The Montessori method of teaching relies heavily on natural materials. One of the first things people notice about our classrooms, for example, is the abundance of activities involving wood. And so it made sense that as we duplicated the Montessori experience in digital form, the materials presented looked the same way. On an iPhone or iPad, the experience we offered children was largely rooted in the real world.
The introduction of iOS7—a new operating system that removes ties to the physical world in many ways—has changed everything. It’s more transparent, noticeably lighter, and seemingly faster.
We desire the same traits in a digital Montessori education. And that’s led to a rethinking of the aesthetic that is so thoroughly dependent on woodgrain—and all its shadows and textures that are now relics of Apple’s previous operating system. The new version forced us to seriously consider how our apps would look and feel, and how children would engage with them. As we’ve changed to reflect this, the question becomes, will children still interact with the digital material as they do the physical one when it isn’t grounded in their real-world experience?
Here’s an example taken from Intro to Math 1.0. As you can see, the numbers have a strong connection to the physical “sandpaper numbers activity,” an activity that you would readily find available in a Montessori classroom. A great effort has been made to attempt to visually replicate the experience of working with wooden tablets, utilizing sandpaper, on an actual desk or table:
The idea behind this design method, broadly known as “skeuomorphism,” is pretty straightforward: by grounding the user in an experience they’re familiar with, the new, foreign environment will feel less strange and uncomfortable. Of course, the iPhone and iPad complicate this experience from the start, primarily because they immediately situate the user at a certain level of remove. This is precisely why, the argument goes, “skeuomorphism” was so important, and ultimately, timely—it placed the novel world of the digital landscape within reach of the physical.
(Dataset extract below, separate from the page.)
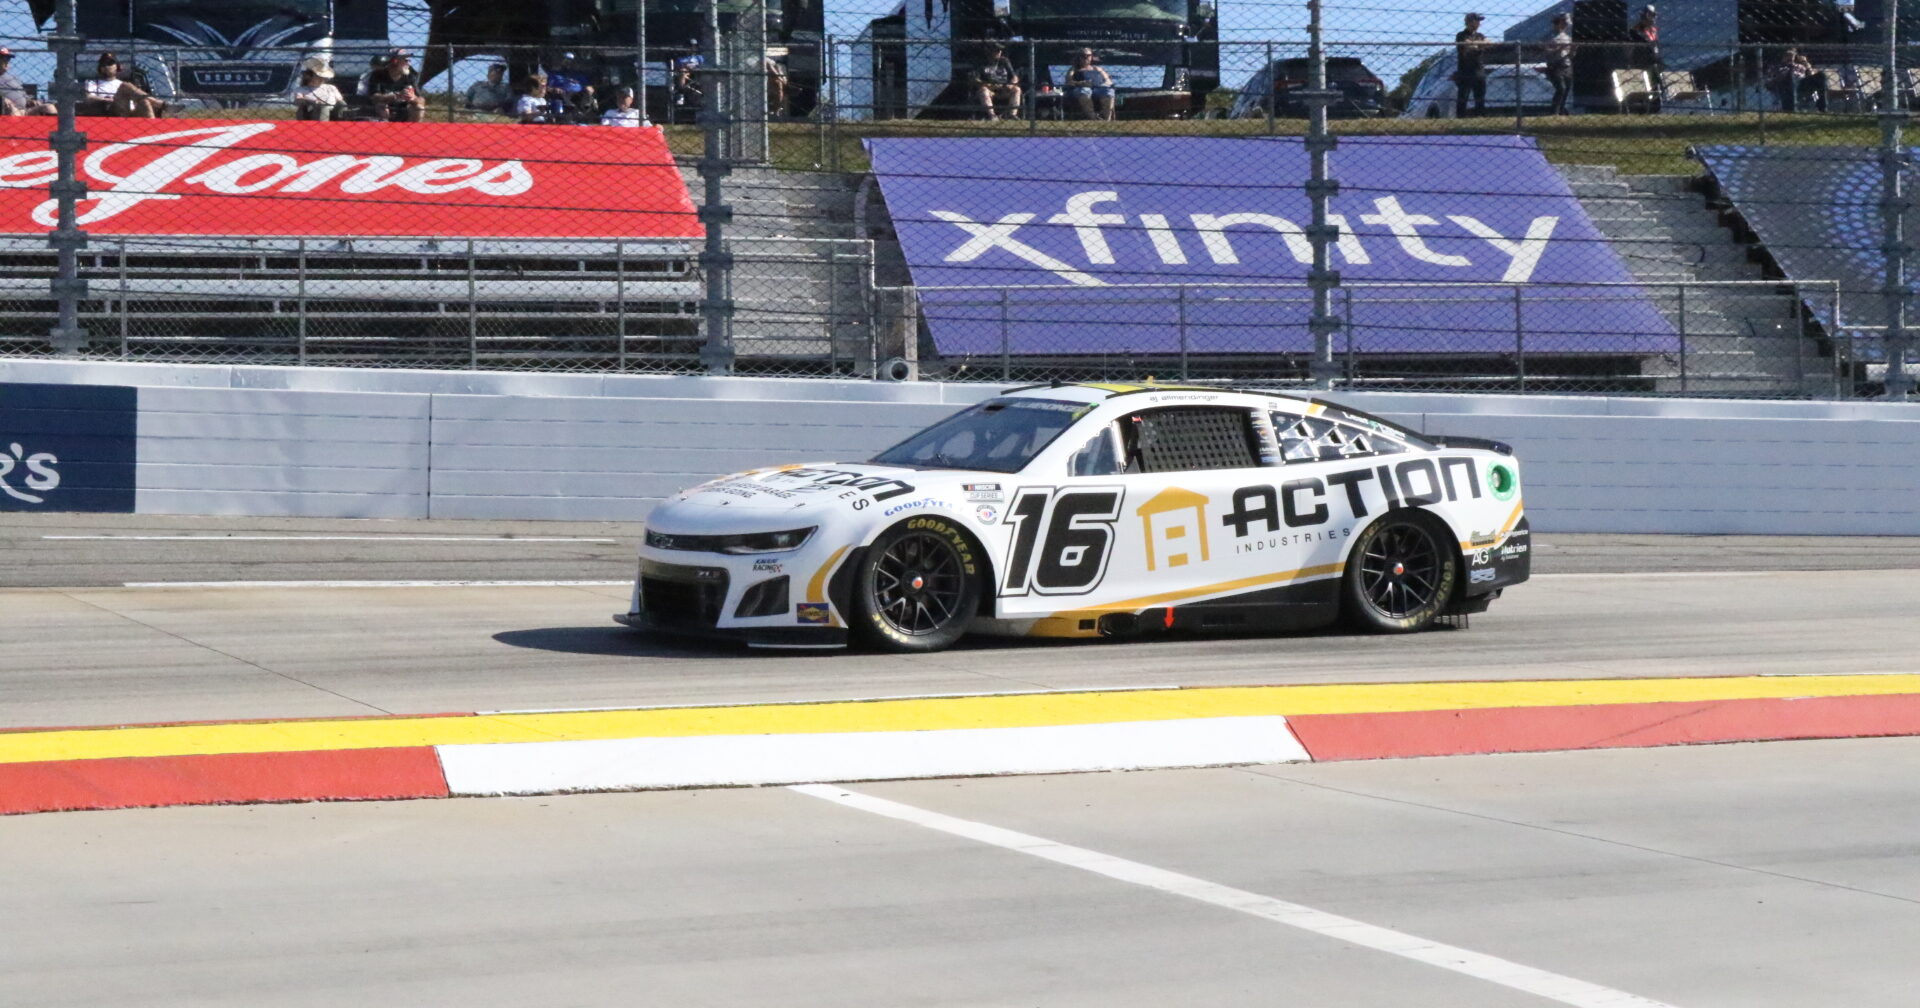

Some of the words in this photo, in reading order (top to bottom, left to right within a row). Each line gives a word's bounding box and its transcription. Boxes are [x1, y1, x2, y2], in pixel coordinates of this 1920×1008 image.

With iOS 7, ornamentation, no less than imitation, have gone out the window.
When we sat down to work on iOS 7, we understood that people had already become comfortable with touching glass, they didn’t need physical buttons, they understood the benefits. So there was an incredible liberty in not having to reference the physical world so literally. We were trying to create an environment that was less specific. It got design out of the way.
Thinking in these terms helps take us to the core of what this new landscape means: the connections between the “physical” and the “digital” are becoming increasingly less tenuous. If we learn to reduce any unnecessary physical elements, we can better highlight, not just the digital functionality of the app, but the experience itself.
Our immediate reaction to this line of thought, however, is that having a firm basis in reality is an extremely important notion for children. Children simply do not relate to the world in the same ways in which we, as adults, have become accustomed. As adults, it’s one of our primary failures—we always think that children perceive the world exactly the same way that we do. Yet, nothing could be further from the truth.
While we might readily grasp an abstract concept, for children it’s much easier to first go through a concrete experience. Take the idea of gravity. If a child experiences a real glass object slip through their fingers and loudly shatter on the floor, they will more easily be able to grasp the concept of gravity. In a meaningful way, the bridge to the world of ideas has always gone through kneading the soil of the earth. This is one of the reasons Zach Klein and Andrew Sliwinski are on the cusp of something magical at DIY.org: they’re merging the concrete with the abstract.
With Intro to Math 2.0, then, we made the decision to drastically scale back the woodgrain, reducing the importance of the shadows (which cast a wide view on the “real world”), concentrating almost exclusively on a new set of assumptions. These are assumptions that we felt our learners would be making when they engaged with our app because we knew they would be ready for them.
This generation is growing up with an entirely different set of technological expectations. In a way, up until this precise historical, should we say, cultural juncture, we wonder if the world itself was ready to embrace what has been called the “authentically digital.” Adults needed the training wheels to take reality into digital; will children need support to translate concepts they’ve learned digital into the real world, now that the two share fewer visual cues?
Whenever we wonder if children will be able to effortlessly make the same leap when the digital world has so little resemblance to its concrete counterpart, we are reminded of Ives comments on the transparent nature of the design, “The lovely thing about translucency is you’re not sitting there going, ‘Where have I just been taken?’ because your world is still there.”